23 October

Okt 23, 2018 | Claret mit dir

“Rip out of your heart all pride which is the root and principle of all the sins”
Avisos a un sacerdote: que acaba de hacer los ejercicios de San Ignacio. Vich 1844; p. 5


Salamanca. Summer. It is very hot, people try not to go out into the street. There, nevertheless, we meet: they, grandfather and grandson, are in front of me. I pass them just when they look into a shop window. On passing, I hear the child comment, ‘Granddad, why do you keep stopping at all the shops, I won’t take you out again!’ I rush past trying not to laugh. My look crosses with that of the grandfather, both of us smiling. It wasn’t for nothing, that that little boy was convinced that it was he who was taking his grandfather by the hand.

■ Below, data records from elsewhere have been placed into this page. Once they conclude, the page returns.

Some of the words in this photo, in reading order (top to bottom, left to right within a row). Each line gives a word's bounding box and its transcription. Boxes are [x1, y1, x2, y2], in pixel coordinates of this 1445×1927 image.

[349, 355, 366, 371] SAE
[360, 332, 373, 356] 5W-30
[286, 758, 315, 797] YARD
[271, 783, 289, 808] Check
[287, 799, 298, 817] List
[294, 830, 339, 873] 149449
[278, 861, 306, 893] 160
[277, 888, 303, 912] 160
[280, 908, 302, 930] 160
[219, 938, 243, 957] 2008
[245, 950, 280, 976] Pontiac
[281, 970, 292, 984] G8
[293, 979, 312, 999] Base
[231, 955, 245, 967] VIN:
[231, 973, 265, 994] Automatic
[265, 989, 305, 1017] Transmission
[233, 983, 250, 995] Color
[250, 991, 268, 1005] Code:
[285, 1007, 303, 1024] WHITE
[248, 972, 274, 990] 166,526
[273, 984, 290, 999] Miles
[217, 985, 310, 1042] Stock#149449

This image frequently comes into my head. Does not the same thing happen a lot with us when we think about our relationship with God? In reality, who is taking the hand of whom? Not a few of us, and I include myself, live as if it is us who take God out for a walk, as if it was us who were the principal, the lord and He the assistant. The scene with the child makes us smile; its application to ourselves ought to give us pain.

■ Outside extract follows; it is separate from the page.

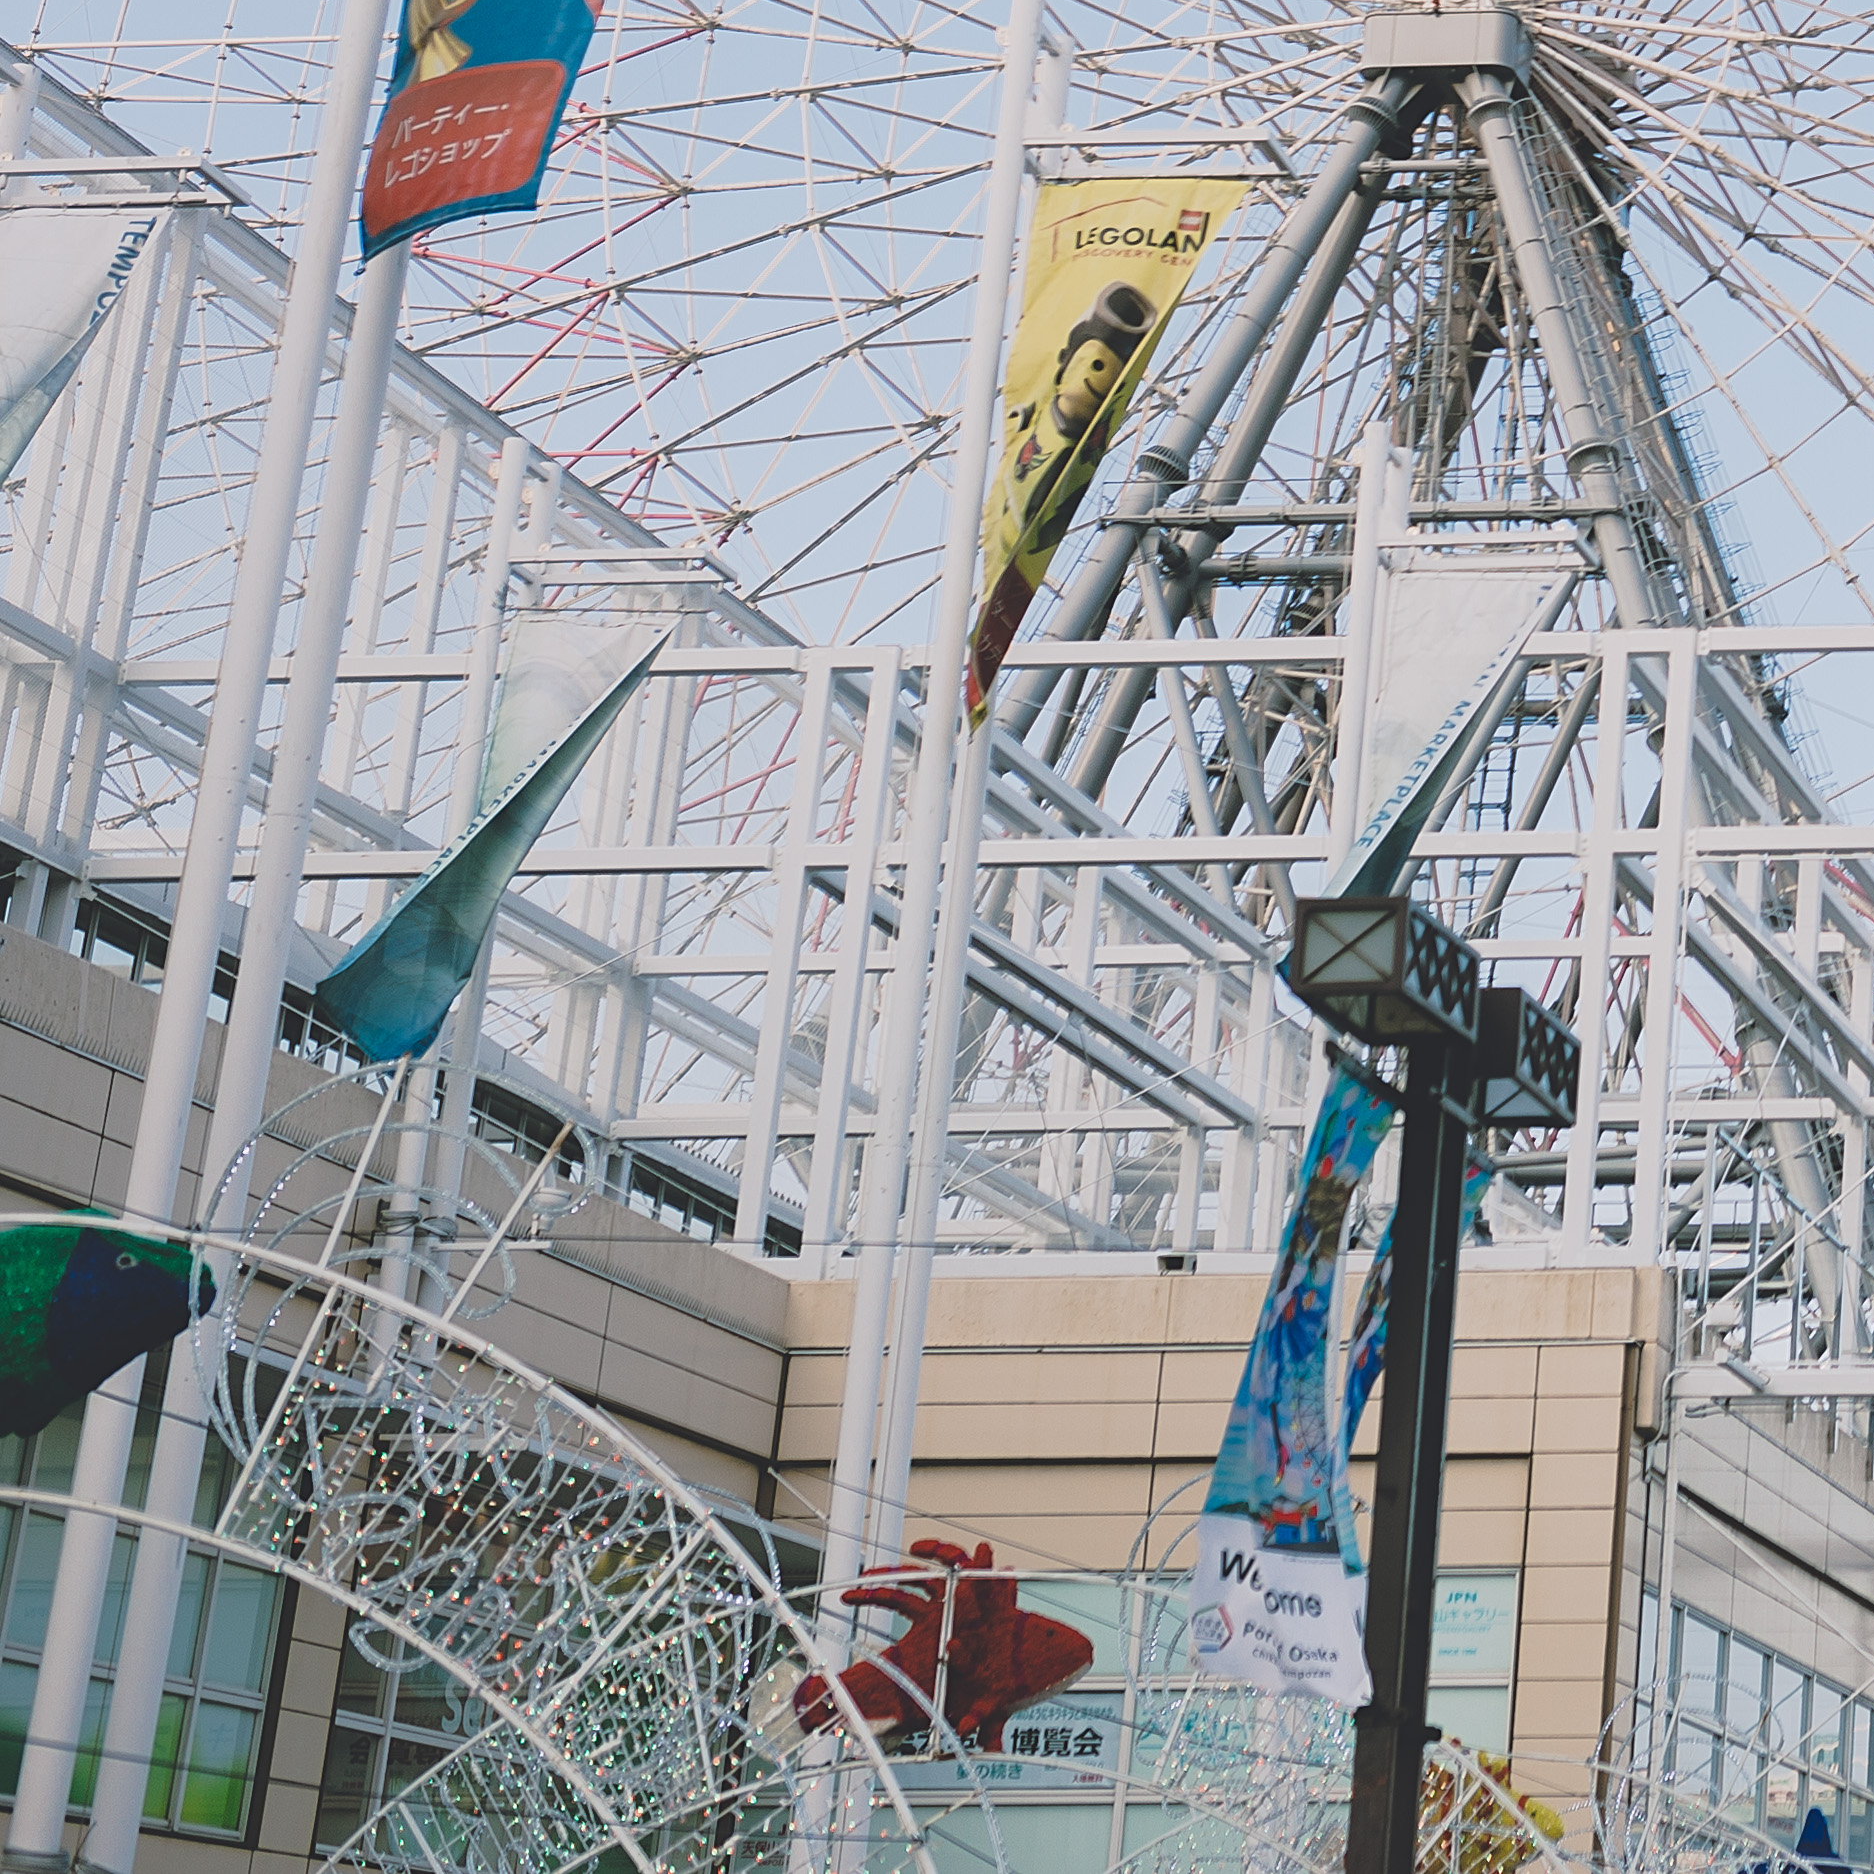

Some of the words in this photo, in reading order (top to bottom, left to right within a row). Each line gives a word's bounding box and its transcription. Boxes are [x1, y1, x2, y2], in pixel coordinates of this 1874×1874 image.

[384, 128, 513, 189] レゴショップ
[1353, 700, 1472, 849] MARKETPLACE
[1288, 1645, 1338, 1663] Osaka
[1010, 1727, 1103, 1757] 博覧会

In any case, it is probably God who smiles, just like us at the boy. In reality that is what we are: children who believe ourselves to be professors. Beware of pride! As Claret warns us, pride is not a good companion, just the opposite, it opens the door to dangerous attitudes that do us a lot of damage.
St. Paul understood himself when he was sent to stir up in the gentiles ‘the obedience of faith’ (Rom 1:5), which appears should be interpreted as ‘faith that is translated into obedience’ in letting God act, just the opposite to self-sufficiency, an attitude which is radically irreconcilable with the Gospel.
Continue to go out for a walk but don’t think that you are taking the Lord with you. He knows how to go out by himself.
Who rules your life? What proportion of listening is there in your prayer? How much do you allow the Lord to be truly ‘lord’.